In [299]:
import numpy as np
import pandas as pd
import matplotlib.pyplot as plt


In [300]:
pd.set_option('display.max_colwidth', 1)

## Loading .txt file

In [301]:
# Step 1: Read the file
file_path = "dialogs.txt"  # Replace with your file path
with open(file_path, 'r') as file:
    lines = file.readlines()

# Step 2: Process the data
# Splitting each line into question and response based on the tab separator
data = []
for line in lines:
    parts = line.strip().split("\t")
    if len(parts) == 2:  # Ensure both question and response are present
        data.append(parts)

# Convert to a DataFrame for easier manipulation
df = pd.DataFrame(data, columns=["Question", "Response"])
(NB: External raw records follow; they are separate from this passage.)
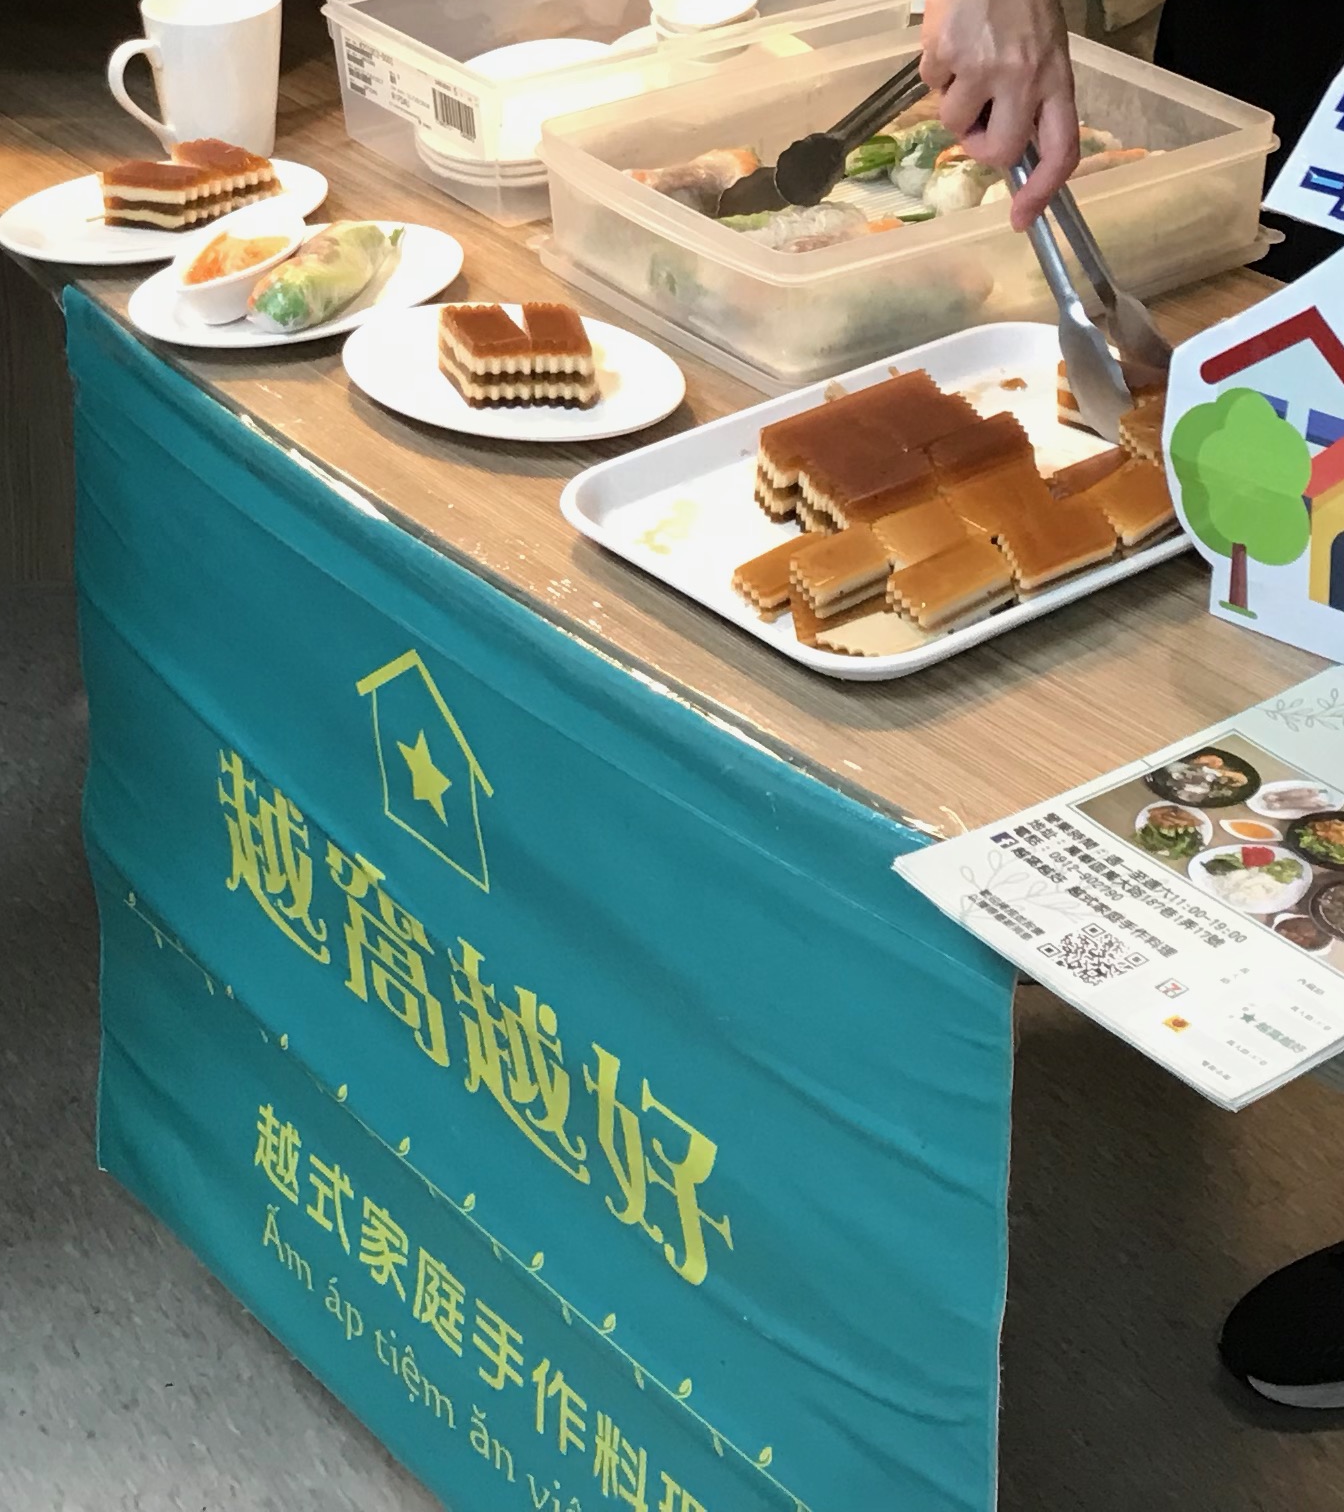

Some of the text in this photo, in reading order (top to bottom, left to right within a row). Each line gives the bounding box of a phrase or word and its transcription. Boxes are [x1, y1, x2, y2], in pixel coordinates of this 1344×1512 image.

[217, 748, 735, 1286] 越窩越好
[323, 1276, 364, 1341] áp
[374, 1328, 457, 1429] tiệm
[468, 1403, 516, 1483] ăn
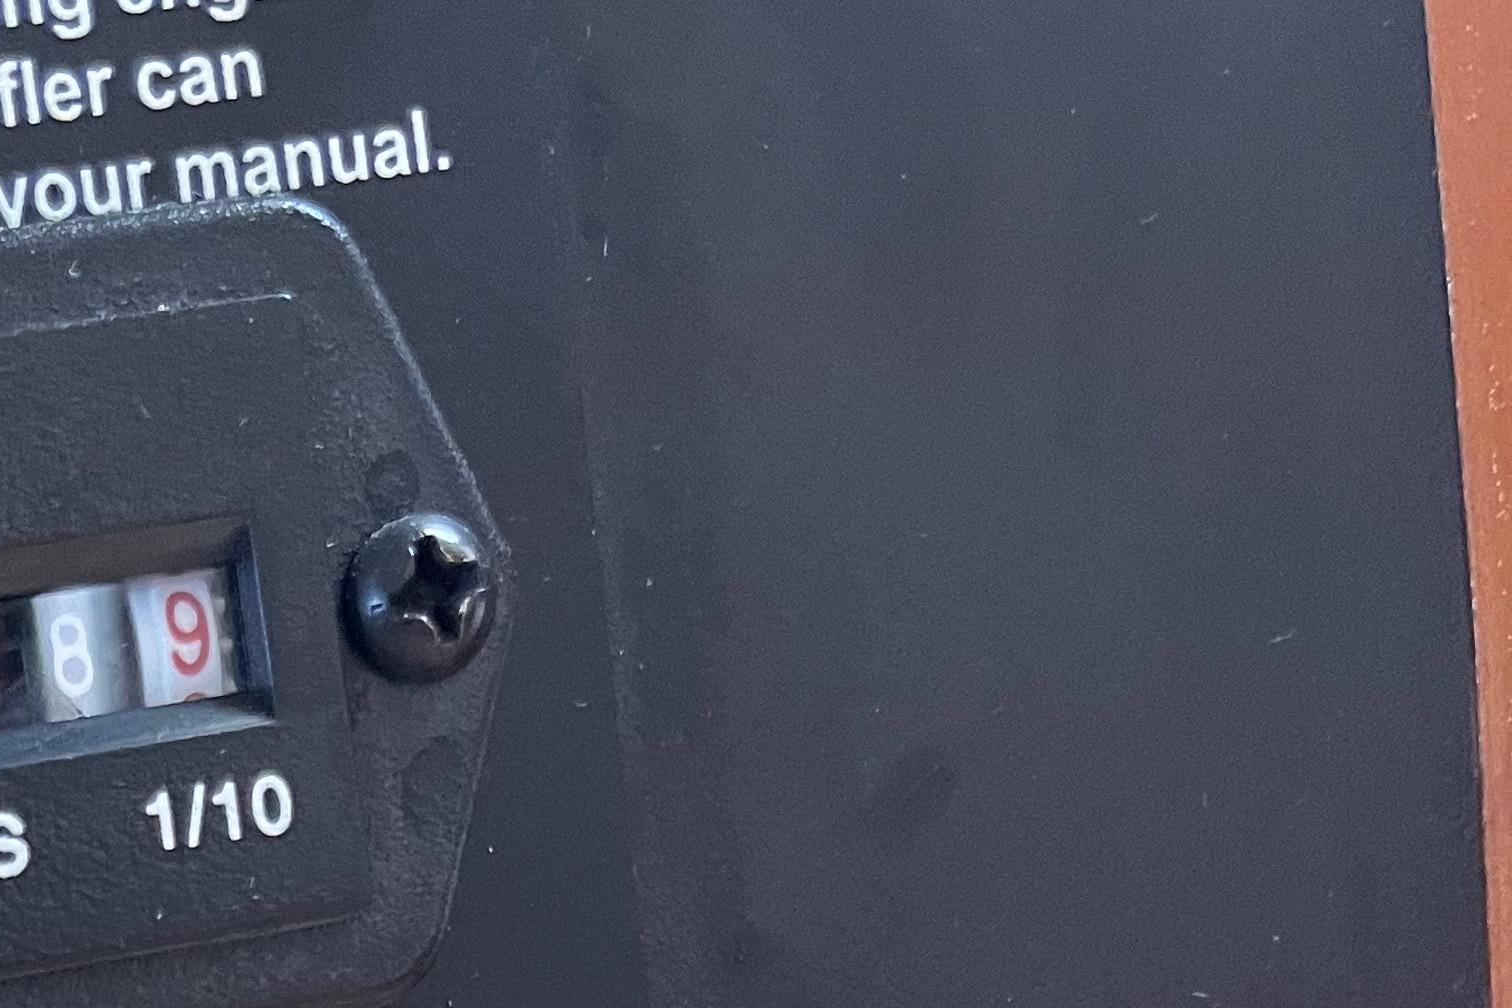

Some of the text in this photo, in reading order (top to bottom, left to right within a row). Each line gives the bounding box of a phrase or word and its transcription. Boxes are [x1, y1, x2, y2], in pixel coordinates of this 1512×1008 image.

[136, 48, 263, 110] can
[174, 107, 451, 206] manual.
[145, 772, 293, 851] 1/10
# Display the first few rows
df.head()

Unnamed: 0,Question,Response
0,"hi, how are you doing?",i'm fine. how about yourself?
1,i'm fine. how about yourself?,i'm pretty good. thanks for asking.
2,i'm pretty good. thanks for asking.,no problem. so how have you been?
3,no problem. so how have you been?,i've been great. what about you?
4,i've been great. what about you?,i've been good. i'm in school right now.


In [302]:
df.shape

(3725, 2)

## Preprocessing

#### Handling Missing Values

In [303]:
print(df.isna().sum())

print("No Handling as not missing values")

Question    0
Response    0
dtype: int64
No Handling as not missing values


#### Handling Duplicates

In [304]:
df.drop_duplicates(subset=['Question', 'Response'], inplace=True)
df.describe()

Unnamed: 0,Question,Response
count,3724,3724
unique,3510,3512
top,what do you mean?,what do you mean?
freq,22,22


In [305]:
df.shape

(3724, 2)

## NLP Text Preprocessing

#### Lower casing

In [306]:
df = df.map(str.lower)
df.head()

Unnamed: 0,Question,Response
0,"hi, how are you doing?",i'm fine. how about yourself?
1,i'm fine. how about yourself?,i'm pretty good. thanks for asking.
2,i'm pretty good. thanks for asking.,no problem. so how have you been?
3,no problem. so how have you been?,i've been great. what about you?
4,i've been great. what about you?,i've been good. i'm in school right now.


#### Contractions

In [307]:
import contractions
def expand_contractions(text):
    return ' '.join([contractions.fix(word) for word in text.split()])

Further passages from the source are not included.